In addition to Aoki's interest in Japanese society, she was committed to a feminist analysis of artistic productions, including two works on Beethoven as well as research on indigenous peoples, such as the Hopi in Southwestern U.S.

===Claims, Aims and Criticisms===
One of Aoki Yayoi's criticisms was, at the root of modern civilization only the "masculine principle" exists, furthermore the "feminine principle," that should be balanced with it, doesn't exist and consequently the masculine principle is being distorted. The ultimate women's liberation that Aoki Yayoi aimed for was none other than a fundamental revolution from the most basic levels of society focused on changing the distorted masculine principle, and society as a whole having been founded upon it, and realizing a feminine principle underlying society and an equality of the sexes predicated on a masculine principle that derives from that feminine principle. She seems to be anti-Western in many of her works by criticizing Western civilization, but she also uses a misreading of Western theories to support her ecofeminist arguments.

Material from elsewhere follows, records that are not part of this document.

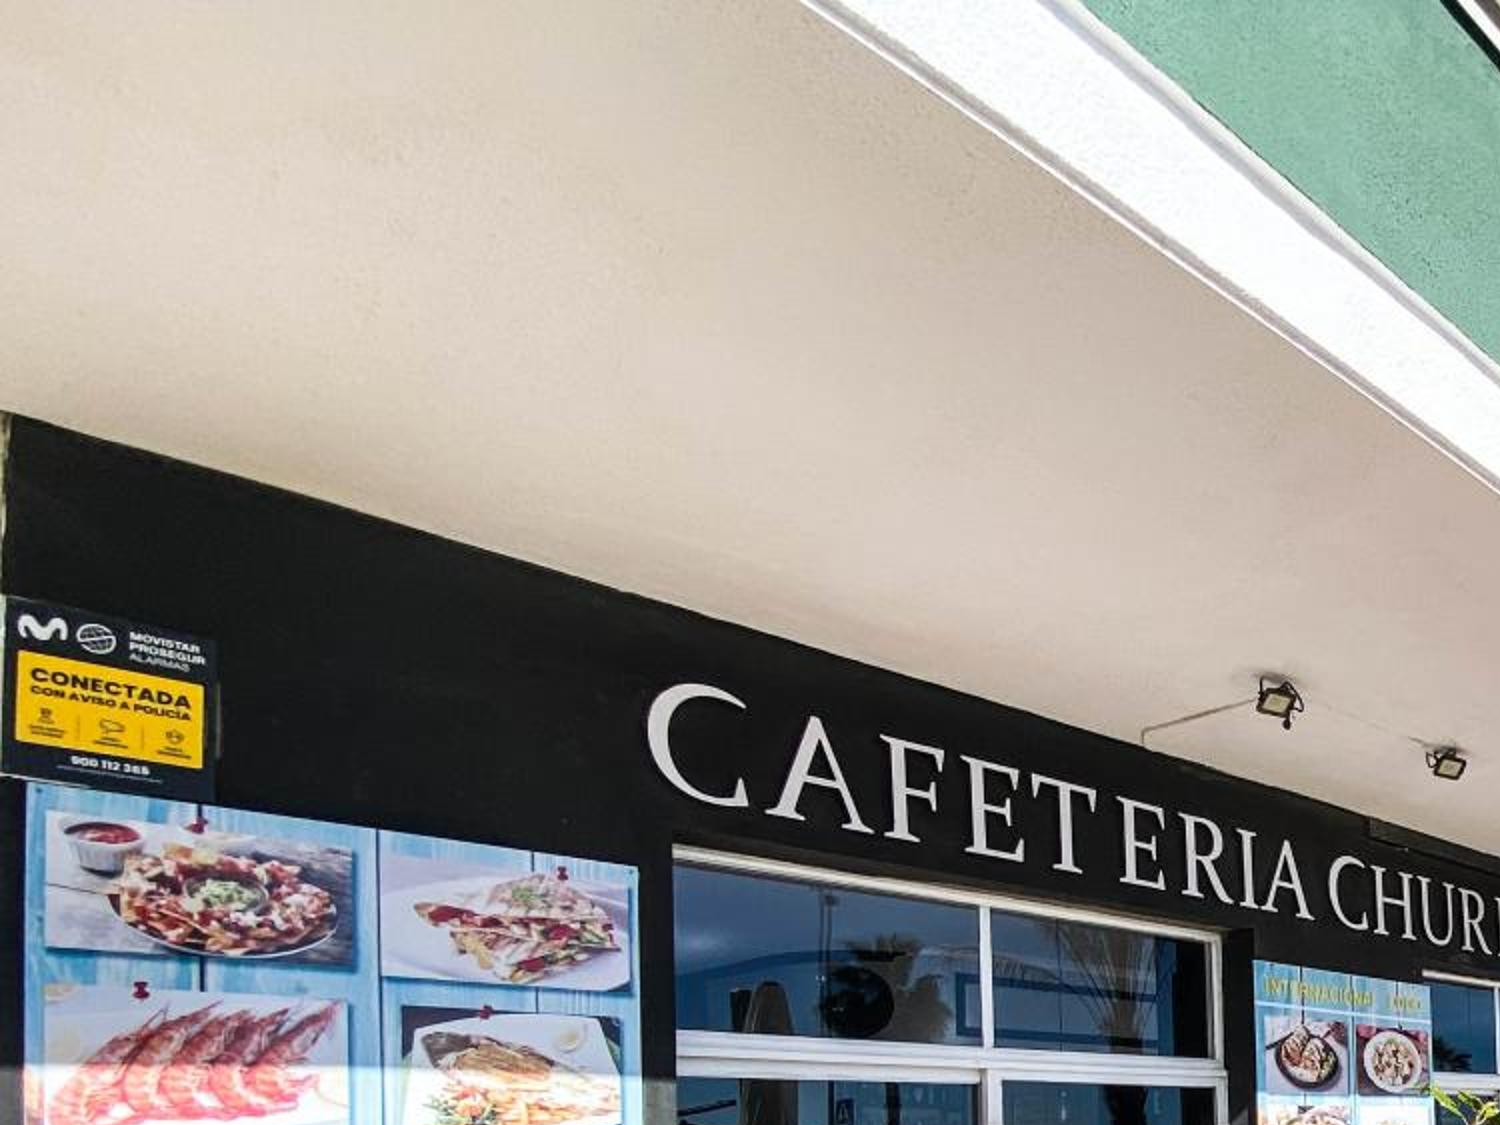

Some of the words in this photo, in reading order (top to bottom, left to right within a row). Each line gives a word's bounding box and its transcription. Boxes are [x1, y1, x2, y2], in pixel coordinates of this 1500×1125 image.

[129, 631, 200, 654] MOVISTAR
[129, 642, 206, 665] PROSEGUR
[129, 653, 190, 673] ALARMAS
[30, 684, 65, 698] CON
[69, 692, 117, 708] AVISO
[120, 701, 131, 712] A
[31, 667, 192, 709] CONECTADA
[101, 760, 120, 772] 112
[647, 682, 1315, 921] CAFETERIA

=== Controversy with Chizuko Ueno ===
In the mid 1980s, Aoki was involved in a public debate with Chizuko Ueno, where Aoki's feminist principles were accused of being essentialist for romanticizing the problematic construct of the "feminine". Ueno eventually wrote Can Women Save the Earth?, critiquing Aoki's analyses, but this criticism was based on an oversimplification of terms taken out of context. Because of Aoki's use of the term "feminine principle" and her emphasis on reintroducing caring and nurturing values into contemporary society, her work has also been criticized for being too emotionally charged, maternalist, or utopian. This debate became the last in the Japanese ecofeminist sphere.

=== Women and technology ===
Aoki's analyses regarding technologies were situated within the global geopolitical context. Aoki was particularly concerned about the impact of new technologies (especially reproductive technologies) on third world women, and argued that one must consider a variety of contexts within which women develop a relationship to technology. For example, Aoki cited that a Japanese woman may have a liberating or empowering experience with reproductive technologies while a South Indian woman's experience with the same technology might be involuntary.

Aoki was also wary of contemporary society's growing dependence on technology, since she believed it led to political apathy, war, and nuclear disasters. She argued that we should be developing a more self-reliant system of existence.

In 1990, Aoki, alongside several women's rights groups, opposed a government proposal to restrict Japan's abortion law as she argued that the policy would infringe on a woman's right to control her body.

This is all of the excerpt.